*Task statement*. Please print the full listing below exactly, but not the pictures in it.

*Listed records*.
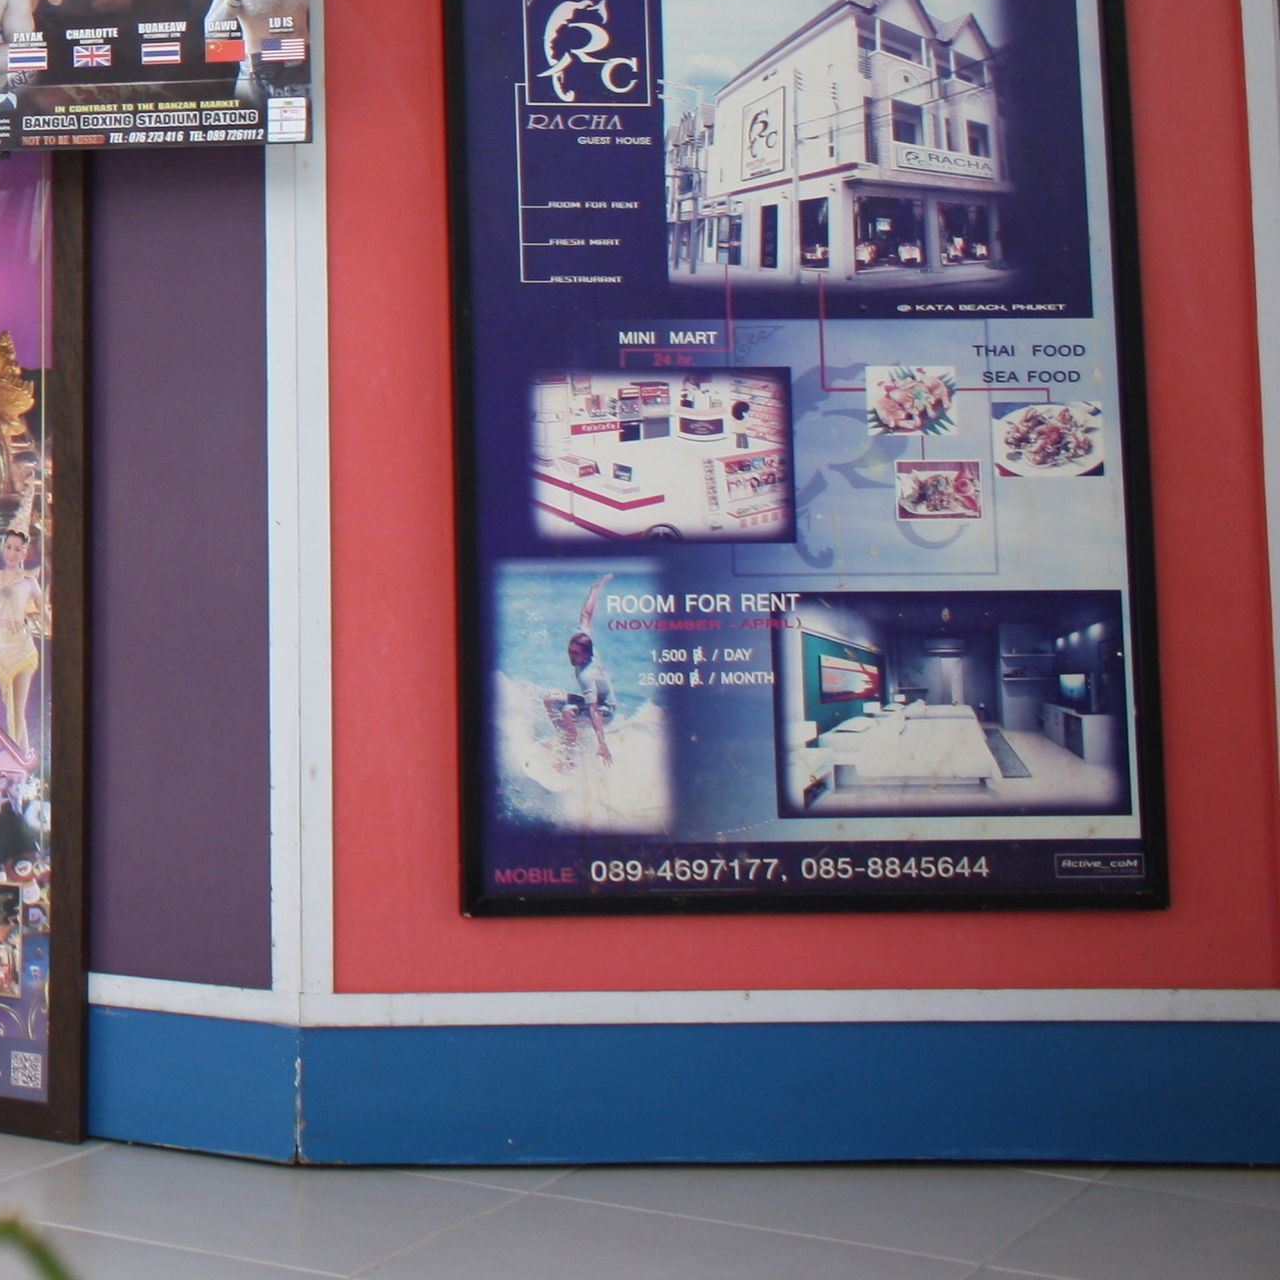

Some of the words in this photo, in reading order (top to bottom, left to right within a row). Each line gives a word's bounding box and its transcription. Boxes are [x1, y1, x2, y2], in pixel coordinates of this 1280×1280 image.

[65, 27, 119, 41] CHARLOTTE
[137, 20, 187, 35] BUAKEAW
[12, 31, 44, 44] PAYAK
[67, 103, 120, 113] CONTRAST
[157, 100, 198, 111] BANZAN
[199, 99, 241, 110] MARKET
[22, 114, 78, 131] BANGLA
[80, 113, 133, 129] BOXING
[135, 111, 200, 128] STADIUM
[201, 109, 258, 126] PATONG
[525, 113, 624, 131] RACHA
[577, 136, 611, 146] GUEST
[615, 136, 652, 146] HOUSE
[611, 200, 640, 209] RENT
[549, 275, 623, 284] RESTAURANT
[914, 303, 954, 312] KATA
[958, 303, 1010, 313] BEACH,
[1011, 303, 1068, 312] PHUKET
[618, 331, 656, 345] MINI
[669, 330, 718, 345] MART
[972, 344, 1017, 359] THAI
[1031, 344, 1087, 359] FOOD
[652, 353, 673, 367] 24
[981, 369, 1021, 385] SEA
[1026, 369, 1082, 385] FOOD
[606, 594, 676, 613] ROOM
[684, 593, 732, 613] FOR
[740, 593, 801, 612] RENT
[607, 619, 722, 632] (NOVEMBER
[740, 617, 803, 630] APRIL)
[649, 648, 688, 664] 1,500
[723, 648, 753, 662] DAY
[638, 671, 685, 687] 25,000
[720, 671, 776, 686] MONTH
[589, 857, 788, 883] 089-4697177,
[800, 855, 991, 881] 085-8845644

*Written reply*.
Some of the words in this photo, in reading order (top to bottom, left to right within a row). Each line gives a word's bounding box and its transcription. Boxes are [x1, y1, x2, y2], in pixel coordinates of this 1280×1280 image.

[65, 27, 119, 41] CHARLOTTE
[137, 20, 187, 35] BUAKEAW
[12, 31, 44, 44] PAYAK
[67, 103, 120, 113] CONTRAST
[157, 100, 198, 111] BANZAN
[199, 99, 241, 110] MARKET
[22, 114, 78, 131] BANGLA
[80, 113, 133, 129] BOXING
[135, 111, 200, 128] STADIUM
[201, 109, 258, 126] PATONG
[525, 113, 624, 131] RACHA
[577, 136, 611, 146] GUEST
[615, 136, 652, 146] HOUSE
[611, 200, 640, 209] RENT
[549, 275, 623, 284] RESTAURANT
[914, 303, 954, 312] KATA
[958, 303, 1010, 313] BEACH,
[1011, 303, 1068, 312] PHUKET
[618, 331, 656, 345] MINI
[669, 330, 718, 345] MART
[972, 344, 1017, 359] THAI
[1031, 344, 1087, 359] FOOD
[652, 353, 673, 367] 24
[981, 369, 1021, 385] SEA
[1026, 369, 1082, 385] FOOD
[606, 594, 676, 613] ROOM
[684, 593, 732, 613] FOR
[740, 593, 801, 612] RENT
[607, 619, 722, 632] (NOVEMBER
[740, 617, 803, 630] APRIL)
[649, 648, 688, 664] 1,500
[723, 648, 753, 662] DAY
[638, 671, 685, 687] 25,000
[720, 671, 776, 686] MONTH
[589, 857, 788, 883] 089-4697177,
[800, 855, 991, 881] 085-8845644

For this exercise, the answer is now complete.